Frank Keating, that prince of sports writers, has died. Keating was 75 and had been unwell for some time.

Keating epitomised The Guardian approach to sports writing, having taken on a writing role in 1970, following six years in television, after joining the paper initially in 1963 as a sub-editor. He continued on the paper’s staff until 2002 and was still producing his typically exuberant columns until last month.

Frank Keating in August 1980Someone once noted that the political columnist, Alan Watkins, had said “… that political journalists have to pretend to hate politicians but actually rather like them whereas sports writers really loathe sportsmen but dare not admit it. Frank really does like sportsmen”.

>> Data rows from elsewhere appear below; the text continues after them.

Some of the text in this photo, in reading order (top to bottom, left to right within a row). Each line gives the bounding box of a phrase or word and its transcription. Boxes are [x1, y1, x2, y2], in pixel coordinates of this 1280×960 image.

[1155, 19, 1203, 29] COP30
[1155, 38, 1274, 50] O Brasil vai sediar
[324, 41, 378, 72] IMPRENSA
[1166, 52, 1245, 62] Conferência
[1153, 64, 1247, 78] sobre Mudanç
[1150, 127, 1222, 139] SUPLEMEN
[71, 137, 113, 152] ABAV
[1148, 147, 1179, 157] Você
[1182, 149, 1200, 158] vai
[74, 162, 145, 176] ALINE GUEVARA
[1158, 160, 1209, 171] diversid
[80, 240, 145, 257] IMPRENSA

So wrote one of Keating’s long-term colleagues who also benefited from the Guardian‘s policy of promoting from its sports subs’ desk: Matthew Engel rose to become the newspaper’s cricket correspondent, and thus often worked alongside Keating.

In an affectionate tribute to Keating upon his retirement from the paper’s staff a decade ago, Engel wrote that Keating, alongside the likes of David Lacey, “transformed the craft of sports journalism in this country.

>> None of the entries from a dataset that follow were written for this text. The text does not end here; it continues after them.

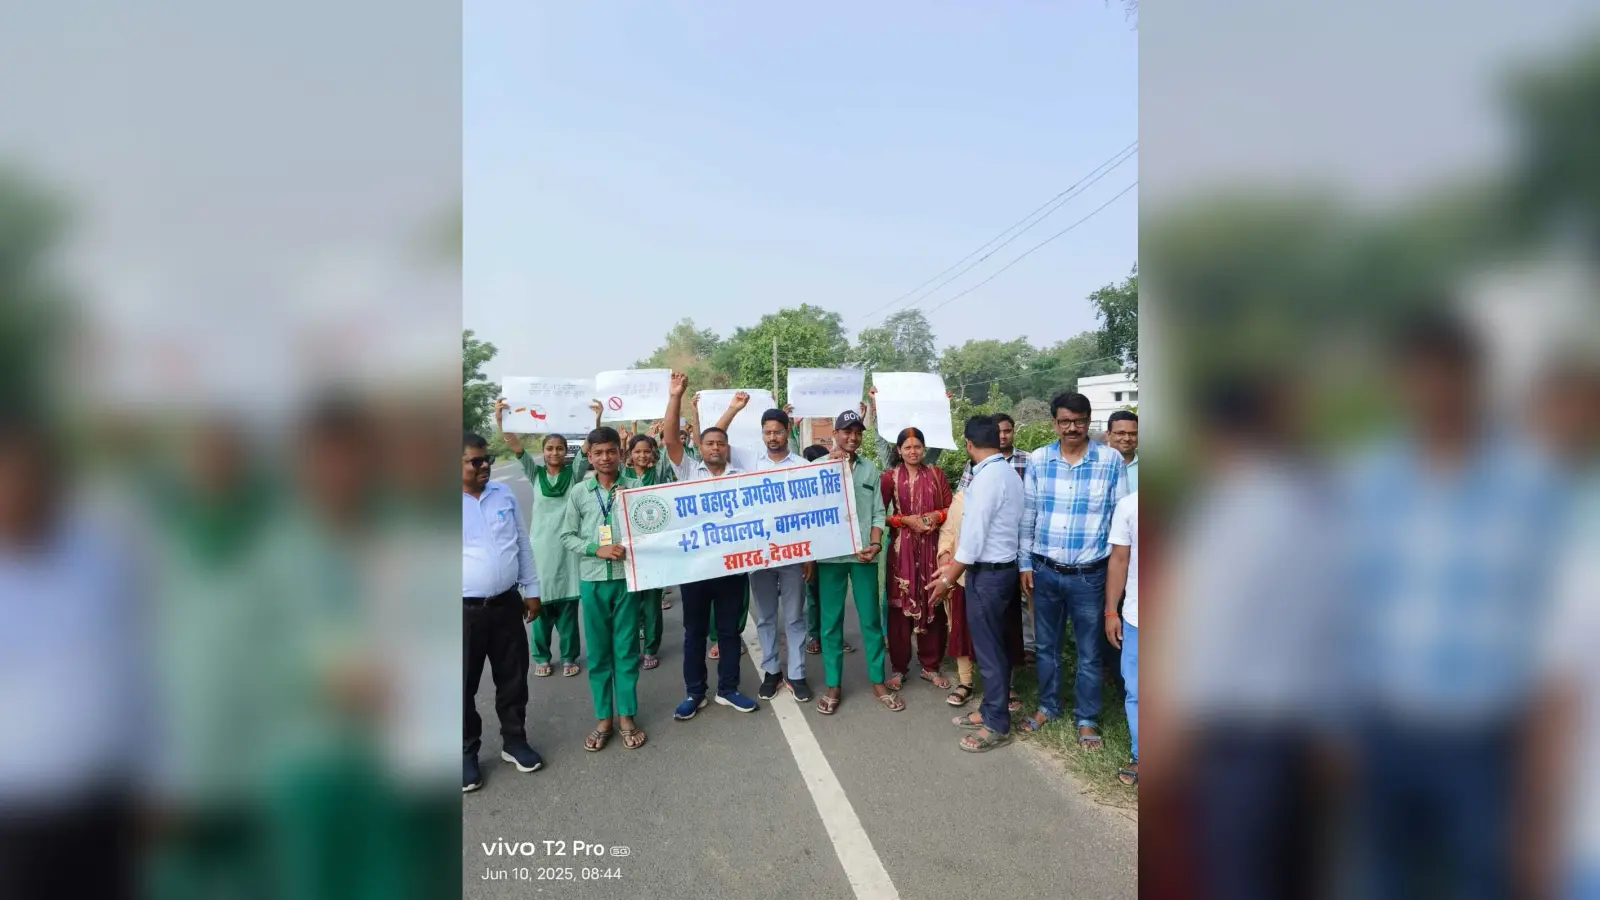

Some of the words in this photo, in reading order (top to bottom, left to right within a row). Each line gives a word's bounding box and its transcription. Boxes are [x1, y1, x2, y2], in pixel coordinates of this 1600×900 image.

[674, 494, 698, 518] राय
[699, 489, 740, 518] बहादुर
[740, 478, 786, 507] जगदीश
[787, 474, 819, 500] प्रसाद
[820, 469, 841, 495] सिंह
[678, 531, 699, 553] +2
[702, 518, 770, 546] विद्यालय,
[774, 507, 840, 534] बामनगामा

“In the early 1970s sports reporting in the posher papers had changed little since the days of Corinthian amateurism. A fair amount of guff passed for fine writing on the basis of magisterial judgments laced with an occasional classical quote, apposite or not.

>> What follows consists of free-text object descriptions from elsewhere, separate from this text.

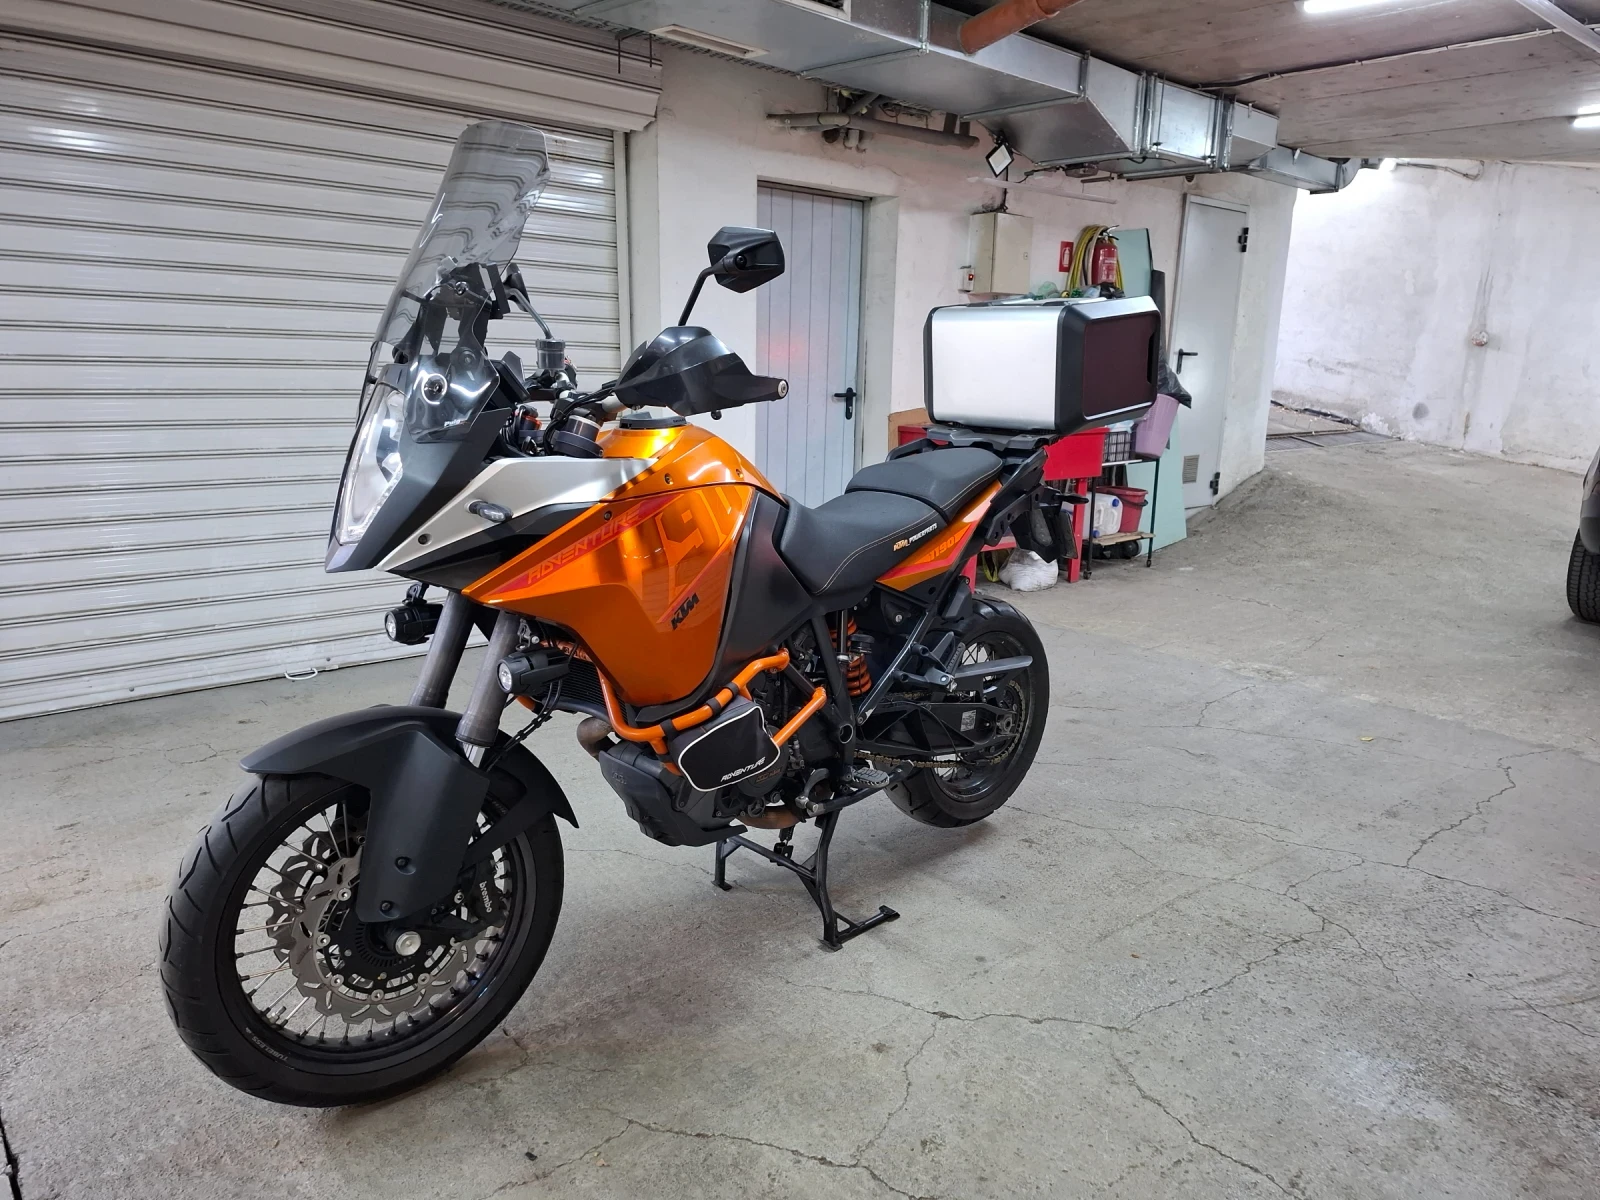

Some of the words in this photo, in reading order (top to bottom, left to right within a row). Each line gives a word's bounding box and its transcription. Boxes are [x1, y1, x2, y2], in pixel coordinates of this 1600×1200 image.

[527, 503, 642, 584] ADVENTURE
[671, 592, 700, 631] KTM
[720, 756, 766, 782] ADVENTURE
[479, 880, 493, 913] brembo
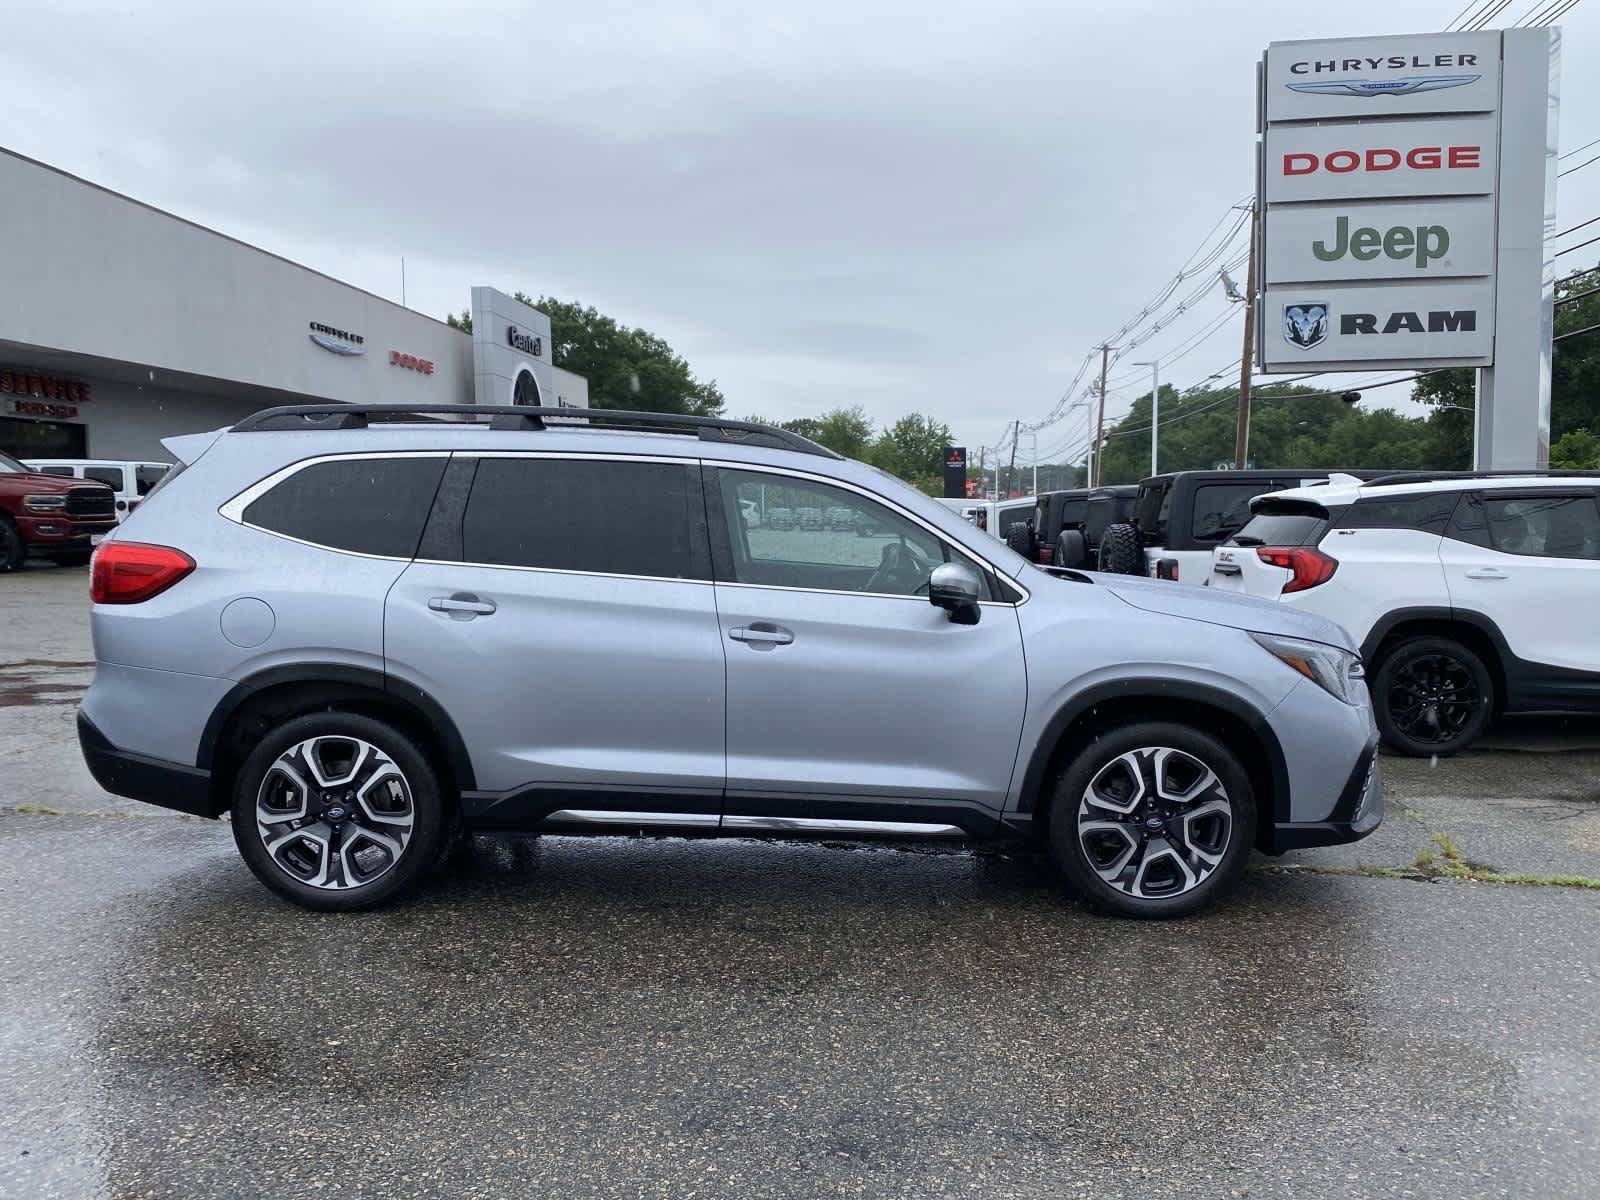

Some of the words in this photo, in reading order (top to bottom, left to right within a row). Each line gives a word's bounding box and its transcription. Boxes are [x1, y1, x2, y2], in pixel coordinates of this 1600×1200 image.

[1290, 54, 1478, 75] CHRYSLER
[1283, 146, 1481, 176] DODGE
[1312, 215, 1450, 268] Jeep
[309, 321, 364, 344] CHRYSLER
[1340, 310, 1477, 335] RAM
[0, 371, 91, 402] SERVICE

“Given his head by an innovative and imaginative sports editor, John Samuel, Frank simply and innocently blew it all apart. He had his own unique style; his writing just fizzed with analogies and adjectives, some of them in the dictionary. It was at once evocative, nostalgic and very, very fresh,” Engel wrote.

Today, Alan Rusbridger, the editor in chief of the Guardian and Observer, said: “Frank was an immense figure in sports journalism for more than 50 years. He was a unique character, combining sophisticated sporting knowledge with a deep empathy and understanding of the human side of sport.”Frank was also universally popular with an inspiring and uplifting personality that was infectious. As a writer, Frank deserves to be placed in the very elite of British sportswriting in the last century – and amazingly, though ill, was still writing his wonderful weekly column in the Observer up until a few weeks ago.

“Our thoughts and condolences are with his family at this sad time.”

Keating was, in 1977, the second ever winner of what is now the SJA’s Sports Writer of the Year Award. A year before, the prize had been shared between Ian Wooldridge and Hugh McIlvanney. In the future, Keating will deservedly, rightly, be considered alongside those two giants of our business.

We hope to re-publish John Samuel’s Guardian obituary tomorrow, together with tributes from other friends and colleagues.

The SJA, its officers and committee, send our condolences to Frank’s wife and family.